Economists note that the heatwave and uneven distribution of monsoon rainfall have weighed on the near-term comfort regarding food inflation.
“The broad-based nature of rise in food inflation is indicated by that fact that 73% of the food and beverage sub-components saw a 6% y-o-y or higher increase in August. The situation is unlikely to improve much in September, with daily food prices continuing to rise in the first two weeks,” Gaura Sen Gupta, economist at IDBI First Bank said in a report.
This means that food inflation is most likely to remain elevated in September as well.
Even though CPI inflation or retail inflation has eased from the multi-year high of 7.79% in April, it is still higher than the Reserve Bank of India’s (RBI) comfort zone of 2-6%. What adds to the RBI’s policy dilemma is that the index of industrial production indicated subdued growth of 2.4% in July.
Even so, economists expect RBI to focus on controlling inflation rather than weakening growth with more rate hikes. Forecasts of a repo rate hike for the 30 September RBI meeting ranged from 35-50 basis points (bps). One basis point is 0.01%.

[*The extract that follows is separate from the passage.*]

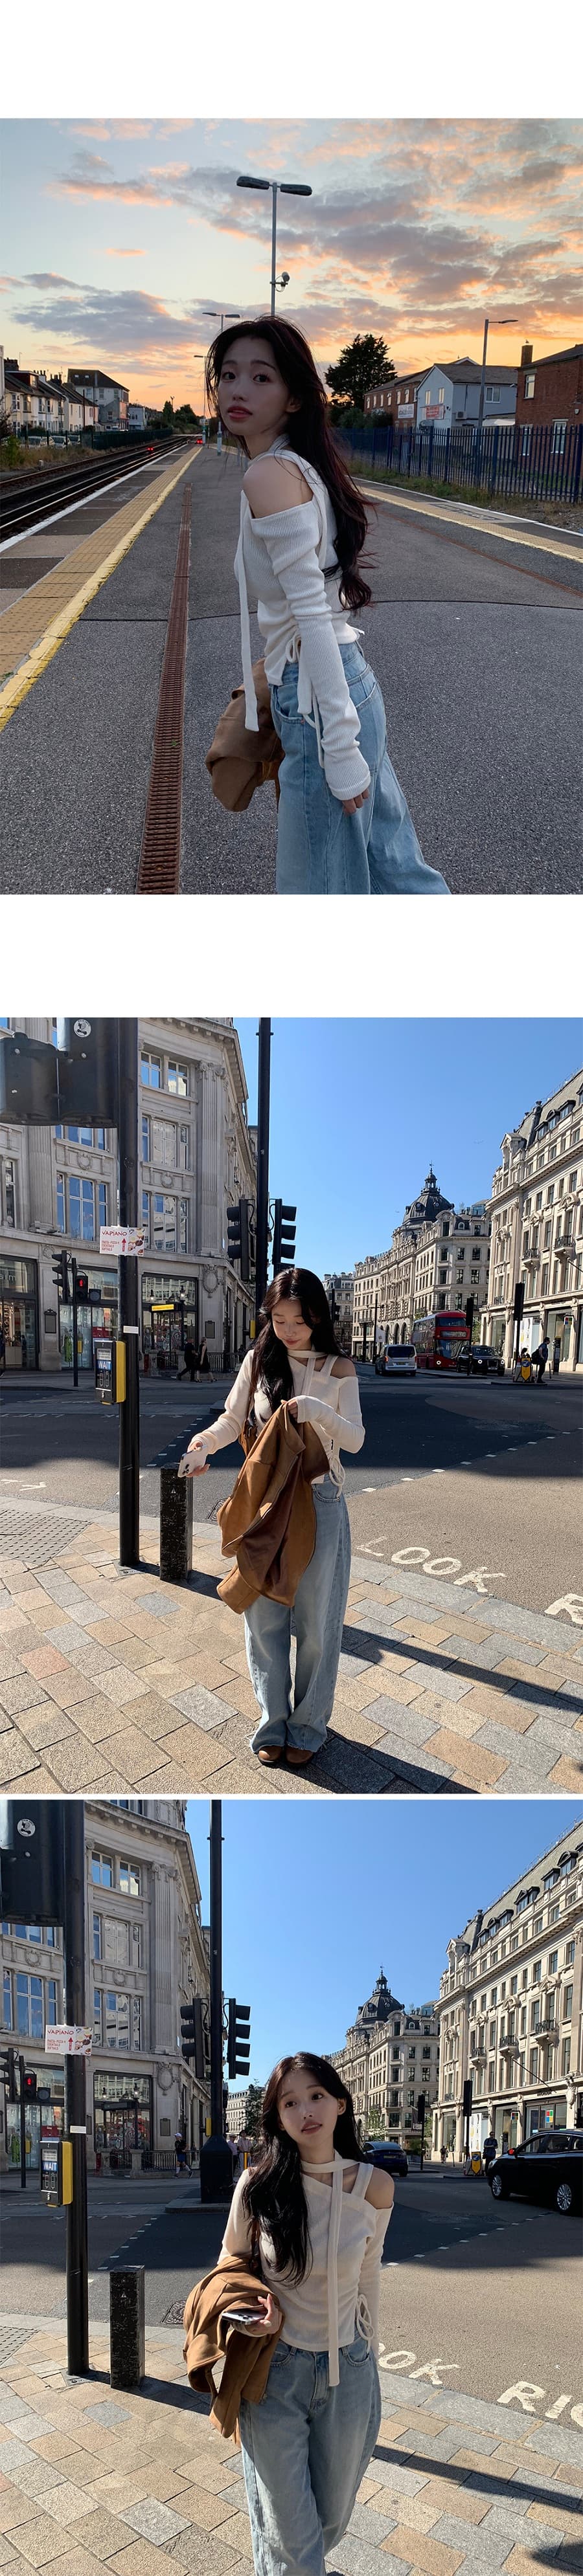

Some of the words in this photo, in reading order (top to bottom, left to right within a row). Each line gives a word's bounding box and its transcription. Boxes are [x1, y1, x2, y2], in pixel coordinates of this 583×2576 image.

[98, 1360, 111, 1370] WAIT
[356, 1536, 507, 1593] LOOK
[43, 2162, 57, 2171] WAIT
[378, 2342, 461, 2385] OK

According to Shilan Shah, senior India economist at Capital Economics, further ahead, headline inflation is likely to gradually decline. “Food inflation will fall over the coming months, helped by a more favourable base. Energy inflation is also set to continue easing as global oil prices moderate. We think the headline rate could drop to within the target range by early 2023,” he said in a report. So, he foresees a 50bps repo rate increase in September, but expects the central bank to slow the pace of tightening in December.
Concurring, Rahul Bajoria, managing director & chief India economist, Barclays said, while several supply issues appear in control, and inflation projections are biased lower, still the relatively resilient growth outlook, coupled with strong credit growth and sticky core inflation, will keep the RBI’s focus firmly on managing inflation.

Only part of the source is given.